**Try it:** Transcribe each of the records below exactly, excluding all pictures.

Collected data:
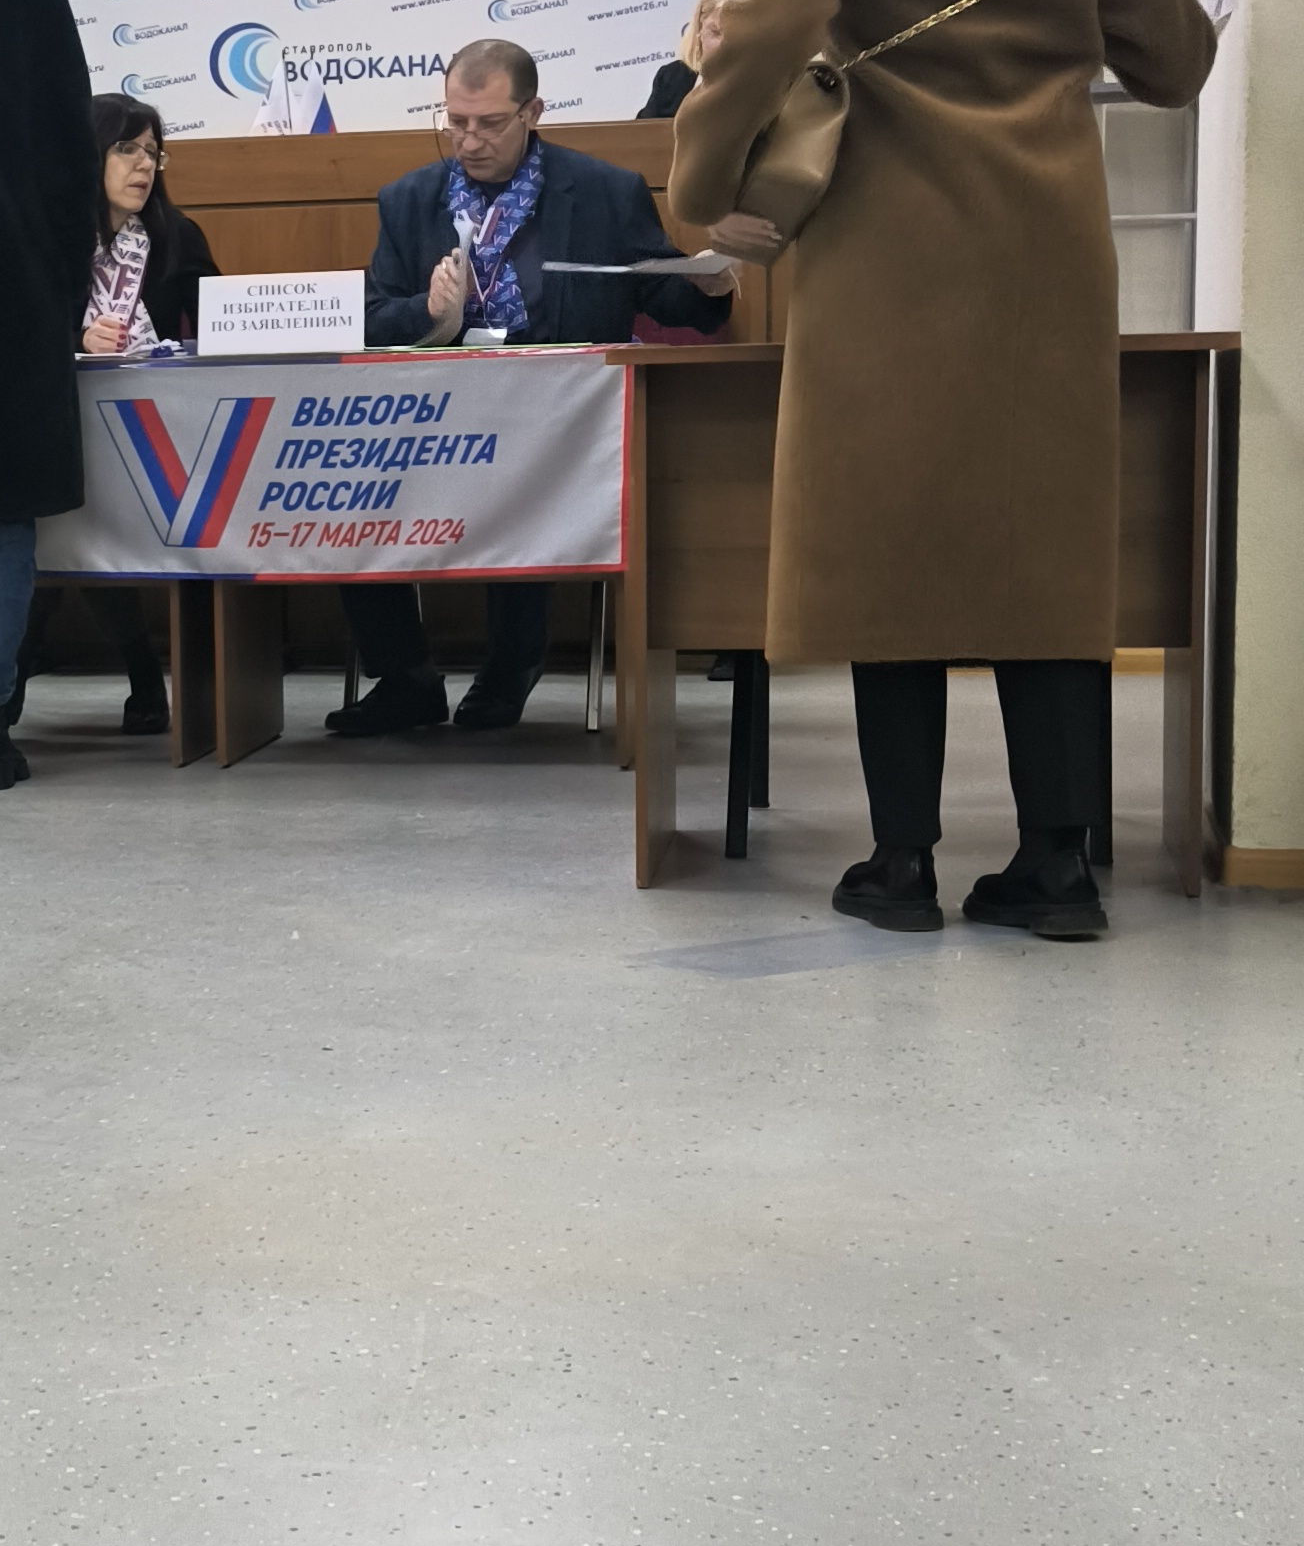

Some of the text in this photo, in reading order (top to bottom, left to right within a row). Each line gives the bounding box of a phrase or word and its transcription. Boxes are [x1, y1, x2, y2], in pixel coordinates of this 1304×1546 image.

[587, 0, 668, 21] www.water26.ru
[134, 23, 188, 40] ВОДОКАНАЛ
[283, 43, 372, 55] СТАВРОПОЛЬ
[534, 48, 575, 63] ДОКАНАЛ
[284, 53, 453, 85] ВОДОКАНА
[595, 51, 675, 72] www.water26.ru
[143, 73, 196, 90] ВОДОКАНАЛ
[544, 98, 582, 113] ОКАНАЛ
[162, 121, 205, 137] ДОКАНАЛ
[247, 283, 317, 297] СПИСОК
[223, 297, 341, 315] ИЗБИРАТЕЛЕЙ
[211, 315, 352, 332] ПО ЗАЯВЛЕНИЯМ
[291, 392, 451, 427] ВЫБОРЫ
[274, 434, 498, 472] ПРЕЗИДЕНТА
[258, 479, 402, 511] РОССИИ
[317, 520, 399, 548] МАРТА
[405, 519, 465, 546] 2024
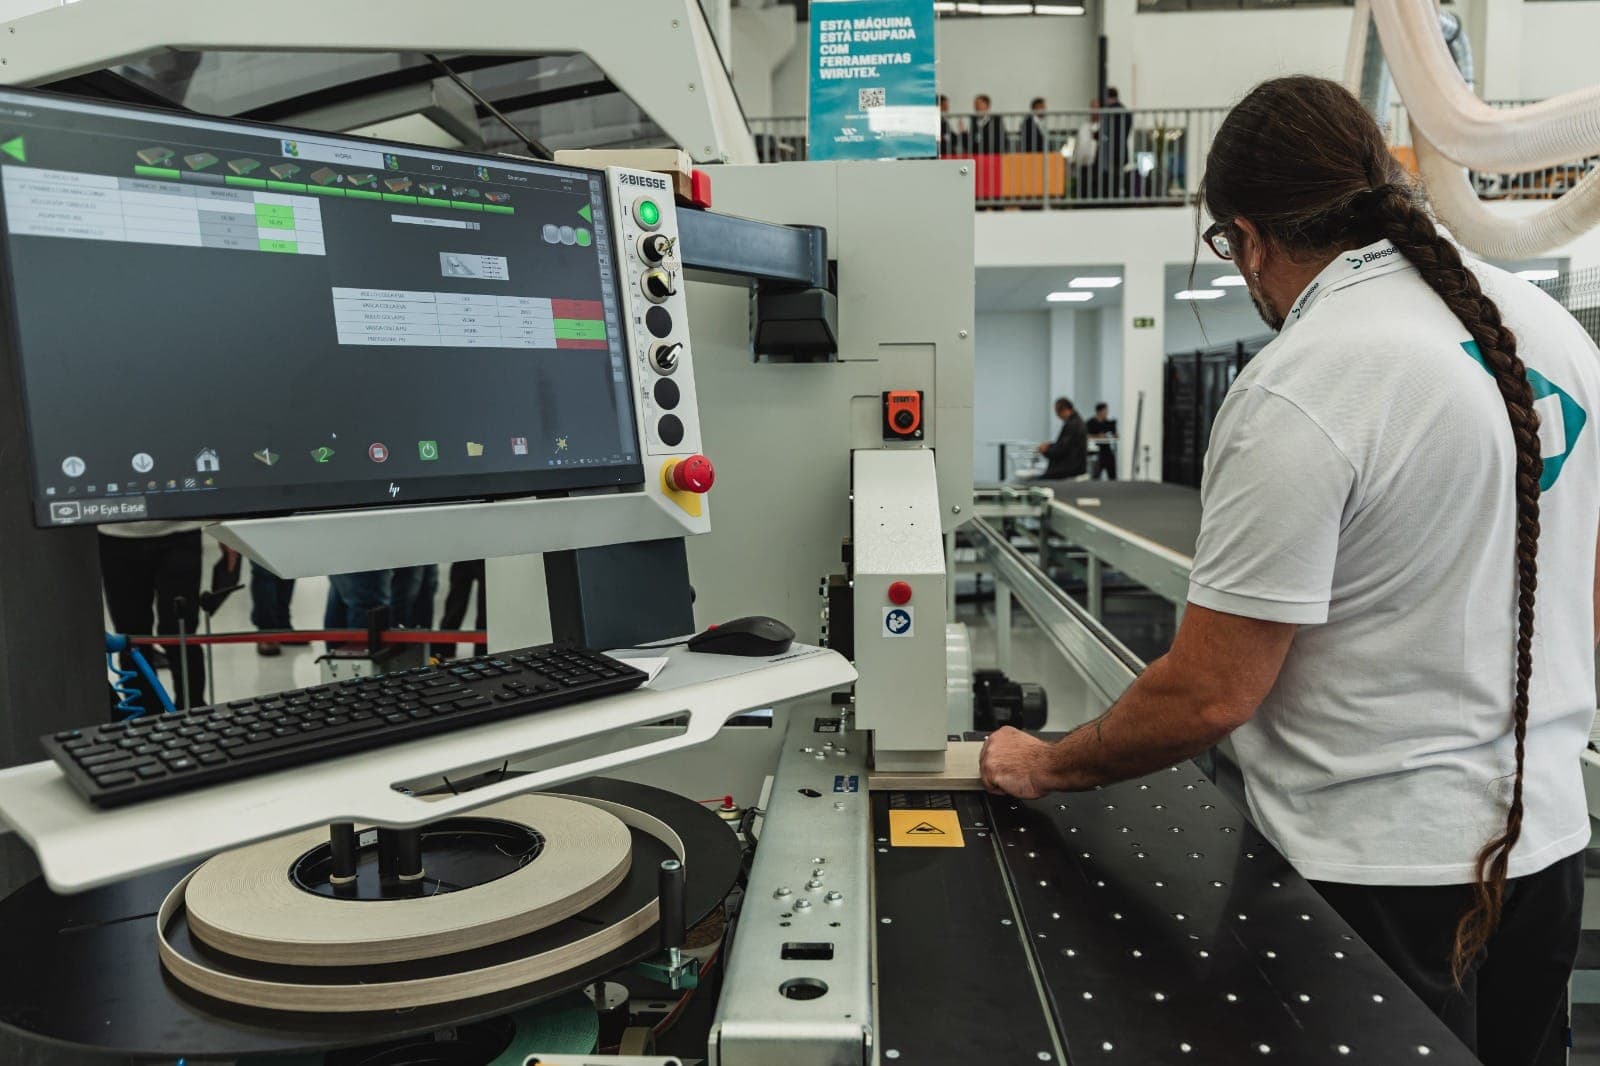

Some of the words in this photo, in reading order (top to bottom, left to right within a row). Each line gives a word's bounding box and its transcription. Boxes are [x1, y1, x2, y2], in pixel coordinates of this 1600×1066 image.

[820, 20, 852, 31] ESTA
[854, 17, 912, 29] MÁQUINA
[854, 29, 916, 41] EQUIPADA
[820, 44, 849, 55] COM
[820, 53, 911, 67] FERRAMENTAS
[820, 67, 880, 79] WIRUTEX.
[629, 174, 667, 190] BIESSE
[1363, 245, 1399, 263] Biesse
[318, 447, 329, 463] 2
[389, 482, 400, 498] hp
[83, 504, 98, 515] HP
[101, 504, 119, 517] Eye
[121, 503, 145, 513] Ease

**Result of the exercise:**
Some of the text in this photo, in reading order (top to bottom, left to right within a row). Each line gives the bounding box of a phrase or word and its transcription. Boxes are [x1, y1, x2, y2], in pixel coordinates of this 1304×1546 image.

[587, 0, 668, 21] www.water26.ru
[134, 23, 188, 40] ВОДОКАНАЛ
[283, 43, 372, 55] СТАВРОПОЛЬ
[534, 48, 575, 63] ДОКАНАЛ
[284, 53, 453, 85] ВОДОКАНА
[595, 51, 675, 72] www.water26.ru
[143, 73, 196, 90] ВОДОКАНАЛ
[544, 98, 582, 113] ОКАНАЛ
[162, 121, 205, 137] ДОКАНАЛ
[247, 283, 317, 297] СПИСОК
[223, 297, 341, 315] ИЗБИРАТЕЛЕЙ
[211, 315, 352, 332] ПО ЗАЯВЛЕНИЯМ
[291, 392, 451, 427] ВЫБОРЫ
[274, 434, 498, 472] ПРЕЗИДЕНТА
[258, 479, 402, 511] РОССИИ
[317, 520, 399, 548] МАРТА
[405, 519, 465, 546] 2024

Some of the words in this photo, in reading order (top to bottom, left to right within a row). Each line gives a word's bounding box and its transcription. Boxes are [x1, y1, x2, y2], in pixel coordinates of this 1600×1066 image.

[820, 20, 852, 31] ESTA
[854, 17, 912, 29] MÁQUINA
[854, 29, 916, 41] EQUIPADA
[820, 44, 849, 55] COM
[820, 53, 911, 67] FERRAMENTAS
[820, 67, 880, 79] WIRUTEX.
[629, 174, 667, 190] BIESSE
[1363, 245, 1399, 263] Biesse
[318, 447, 329, 463] 2
[389, 482, 400, 498] hp
[83, 504, 98, 515] HP
[101, 504, 119, 517] Eye
[121, 503, 145, 513] Ease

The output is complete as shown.